Work to complete: Omitting all images, transcribe the listing word for word.

Records shown:

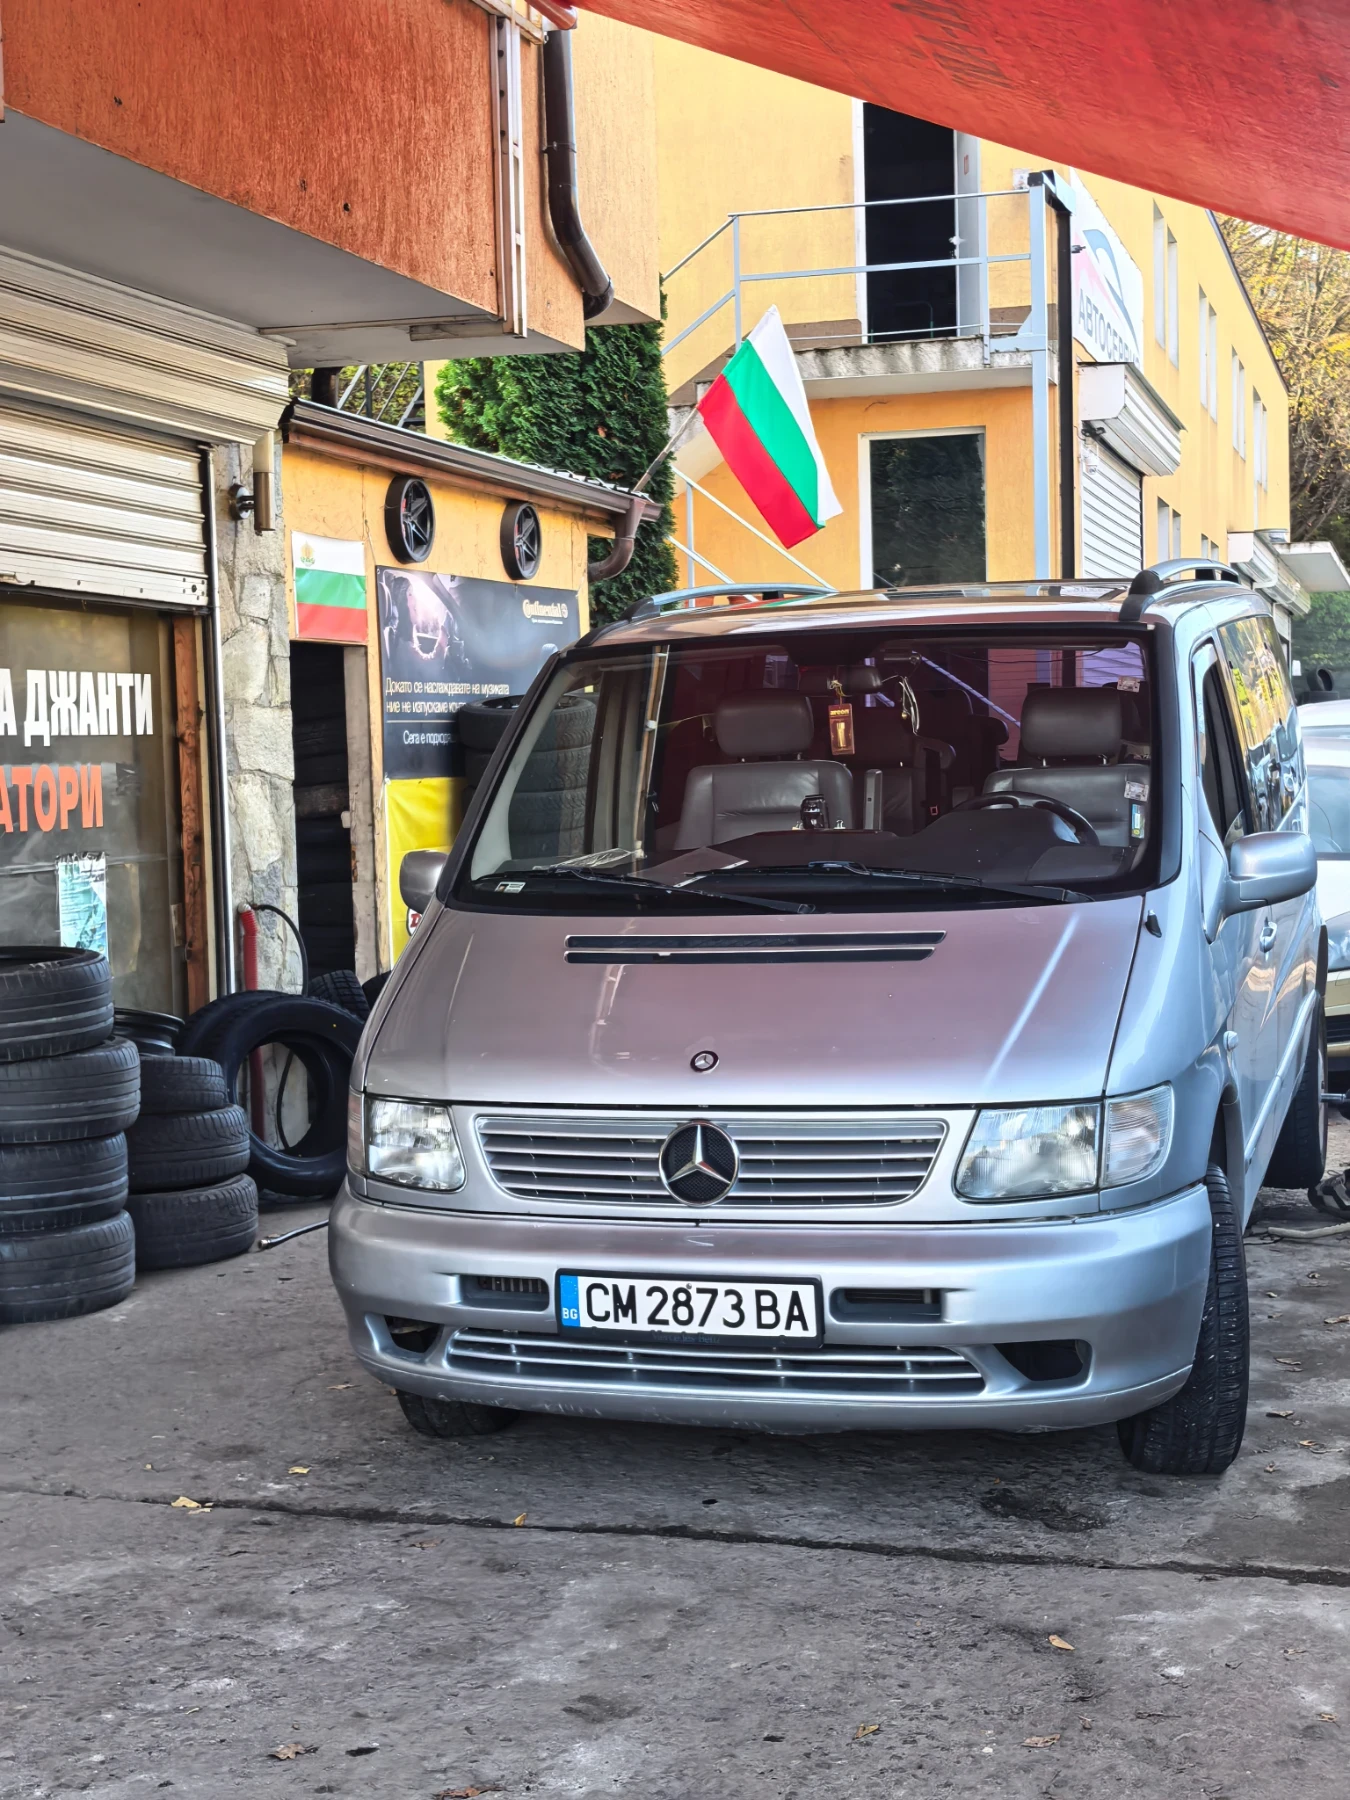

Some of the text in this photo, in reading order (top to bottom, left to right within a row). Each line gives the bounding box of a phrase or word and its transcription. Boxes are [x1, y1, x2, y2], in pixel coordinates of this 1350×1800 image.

[386, 677, 412, 695] Докато
[414, 681, 423, 693] се
[472, 683, 479, 694] на
[24, 669, 153, 746] ДЖАНТИ
[386, 701, 400, 712] ние
[402, 701, 411, 712] не
[403, 730, 420, 744] Сега
[562, 1307, 578, 1320] BG
[646, 1285, 745, 1328] 2873

Answer below:
Some of the text in this photo, in reading order (top to bottom, left to right within a row). Each line gives the bounding box of a phrase or word and its transcription. Boxes are [x1, y1, x2, y2], in pixel coordinates of this 1350×1800 image.

[386, 677, 412, 695] Докато
[414, 681, 423, 693] се
[472, 683, 479, 694] на
[24, 669, 153, 746] ДЖАНТИ
[386, 701, 400, 712] ние
[402, 701, 411, 712] не
[403, 730, 420, 744] Сега
[562, 1307, 578, 1320] BG
[646, 1285, 745, 1328] 2873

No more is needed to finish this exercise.